■ Your objective
Leaving out every picture, quote the data below exactly as it appears.

(Collected data entries)
..............................

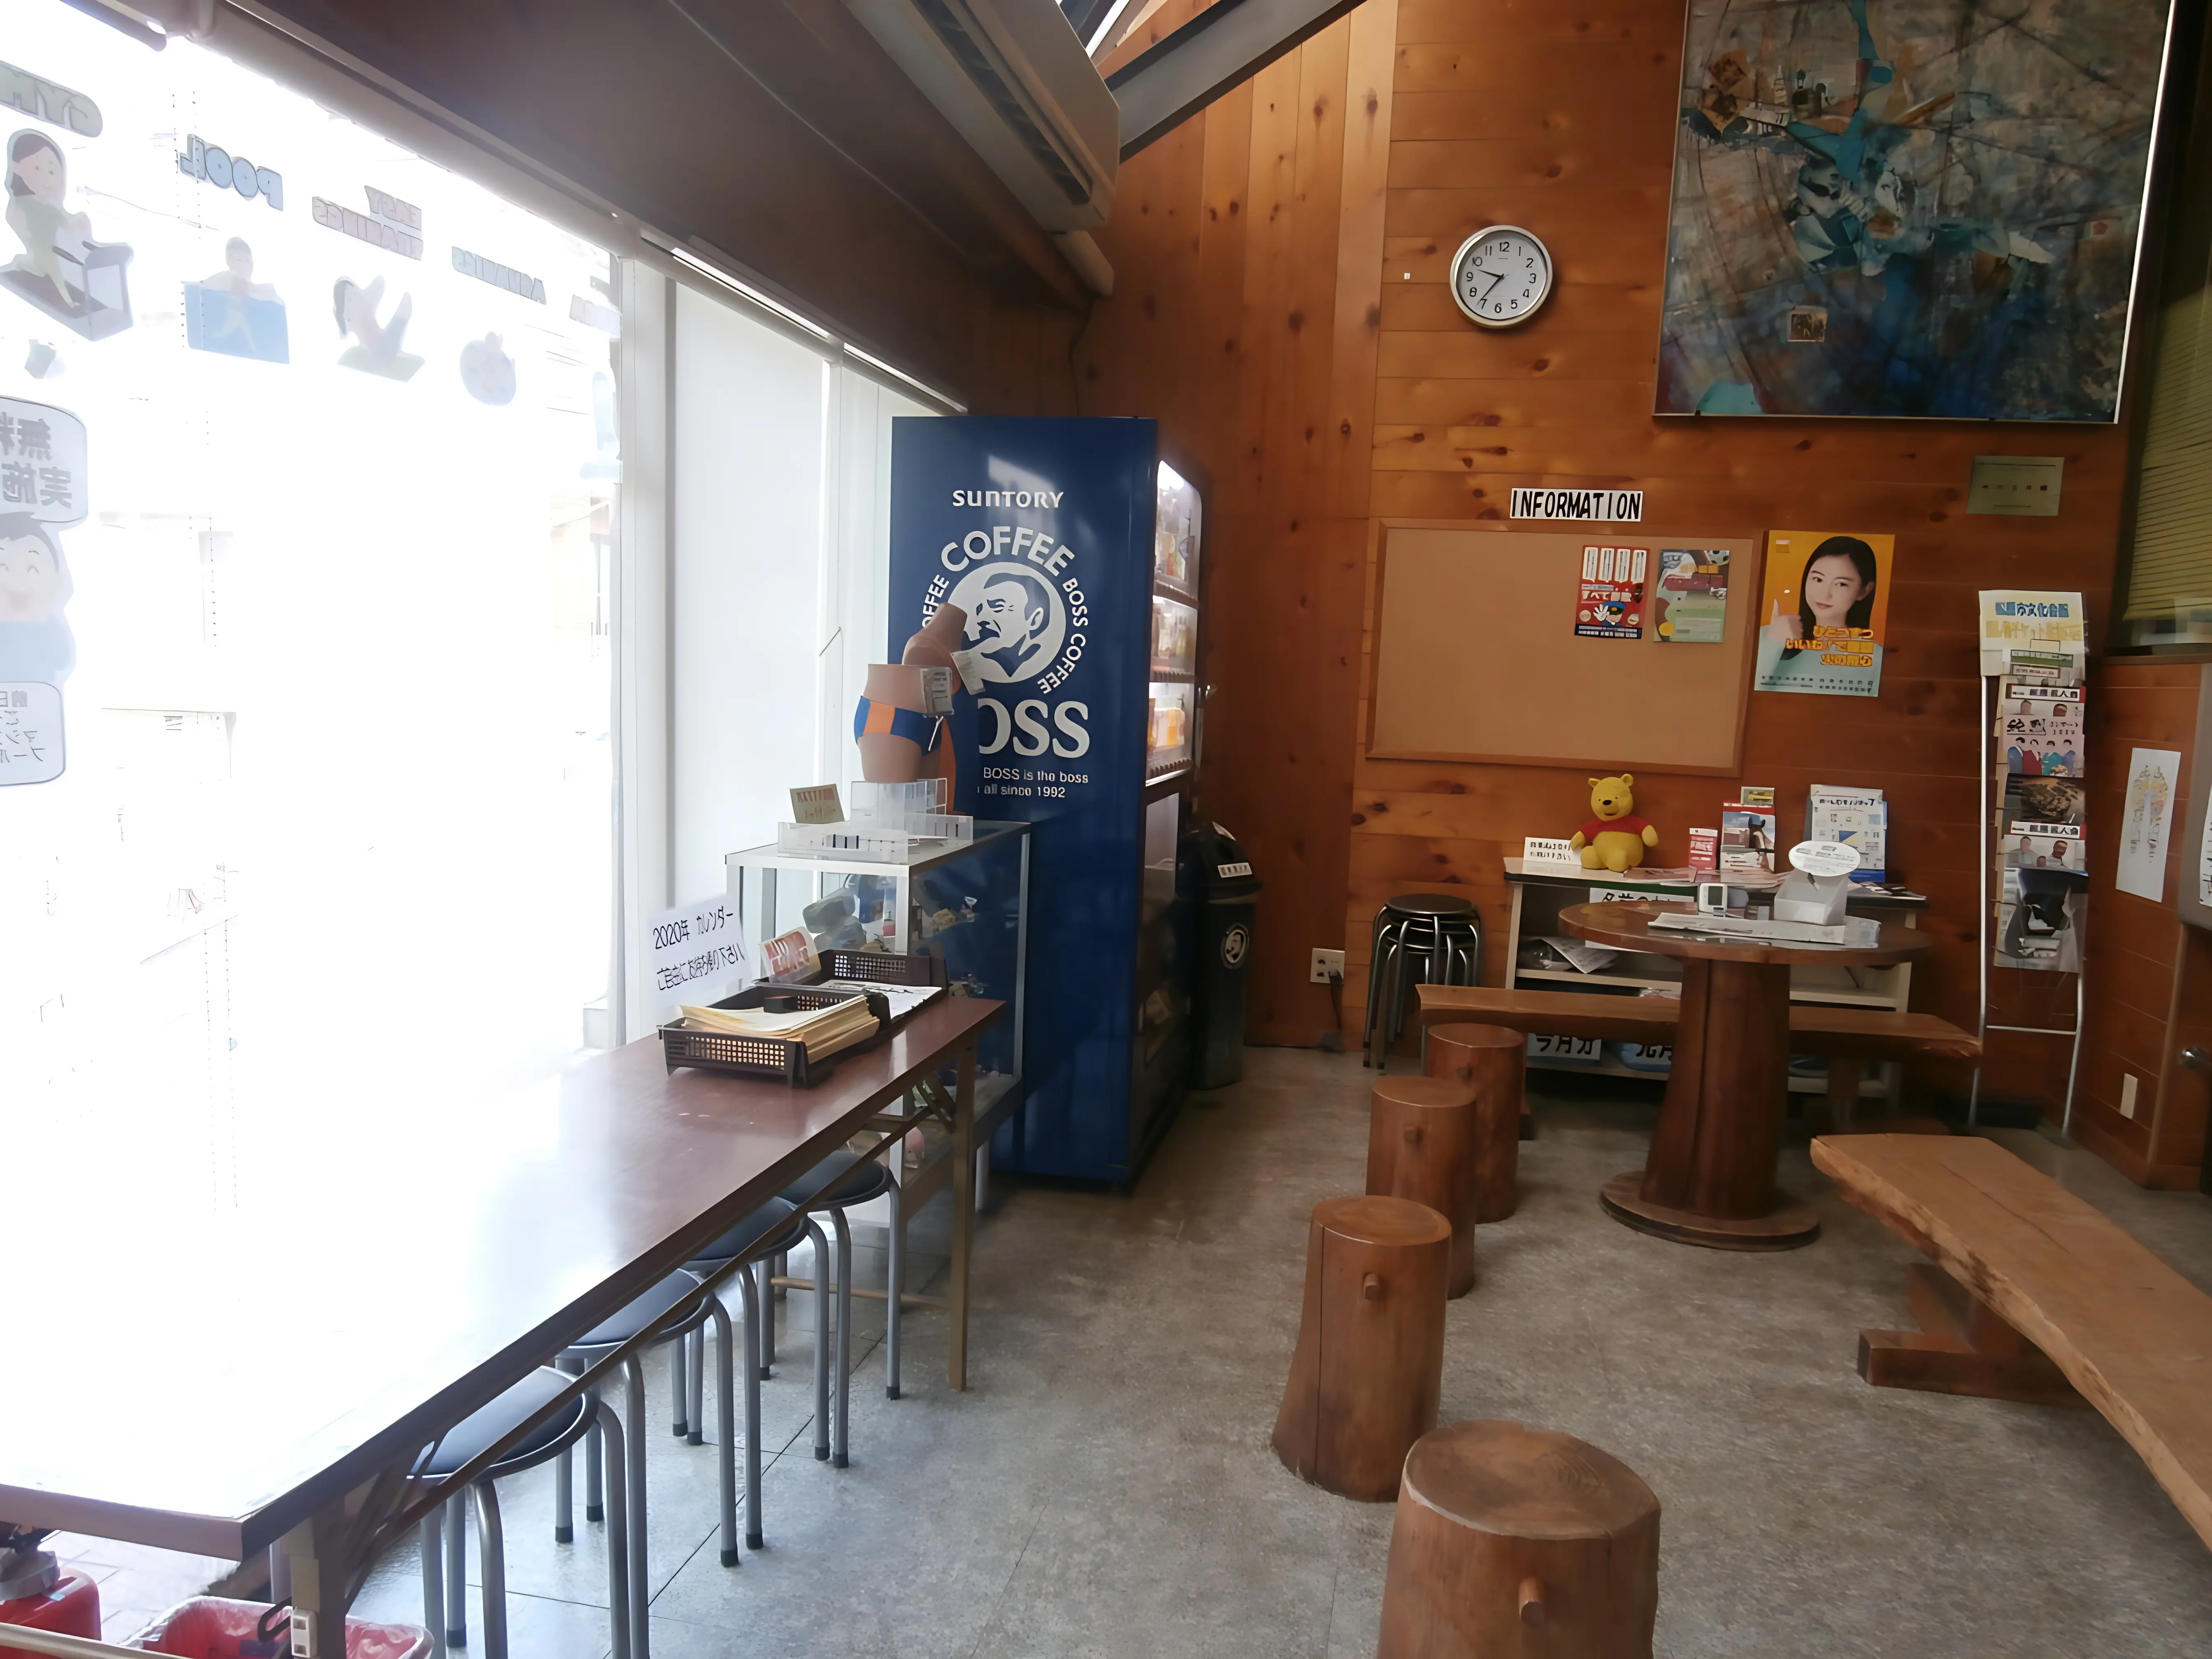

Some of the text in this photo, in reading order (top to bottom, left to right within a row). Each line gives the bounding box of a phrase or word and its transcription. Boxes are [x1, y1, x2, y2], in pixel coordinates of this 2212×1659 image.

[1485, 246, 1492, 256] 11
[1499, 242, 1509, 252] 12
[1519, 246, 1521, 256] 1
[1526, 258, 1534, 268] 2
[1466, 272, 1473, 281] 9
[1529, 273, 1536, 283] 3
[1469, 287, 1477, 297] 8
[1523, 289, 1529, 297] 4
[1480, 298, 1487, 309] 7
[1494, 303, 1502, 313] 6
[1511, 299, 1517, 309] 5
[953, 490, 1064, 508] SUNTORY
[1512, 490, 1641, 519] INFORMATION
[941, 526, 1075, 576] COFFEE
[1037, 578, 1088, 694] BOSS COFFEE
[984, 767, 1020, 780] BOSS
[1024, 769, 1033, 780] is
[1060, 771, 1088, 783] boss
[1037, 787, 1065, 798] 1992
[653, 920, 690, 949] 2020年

..............................

■ Task solution
Some of the text in this photo, in reading order (top to bottom, left to right within a row). Each line gives the bounding box of a phrase or word and its transcription. Boxes are [x1, y1, x2, y2], in pixel coordinates of this 2212×1659 image.

[1485, 246, 1492, 256] 11
[1499, 242, 1509, 252] 12
[1519, 246, 1521, 256] 1
[1526, 258, 1534, 268] 2
[1466, 272, 1473, 281] 9
[1529, 273, 1536, 283] 3
[1469, 287, 1477, 297] 8
[1523, 289, 1529, 297] 4
[1480, 298, 1487, 309] 7
[1494, 303, 1502, 313] 6
[1511, 299, 1517, 309] 5
[953, 490, 1064, 508] SUNTORY
[1512, 490, 1641, 519] INFORMATION
[941, 526, 1075, 576] COFFEE
[1037, 578, 1088, 694] BOSS COFFEE
[984, 767, 1020, 780] BOSS
[1024, 769, 1033, 780] is
[1060, 771, 1088, 783] boss
[1037, 787, 1065, 798] 1992
[653, 920, 690, 949] 2020年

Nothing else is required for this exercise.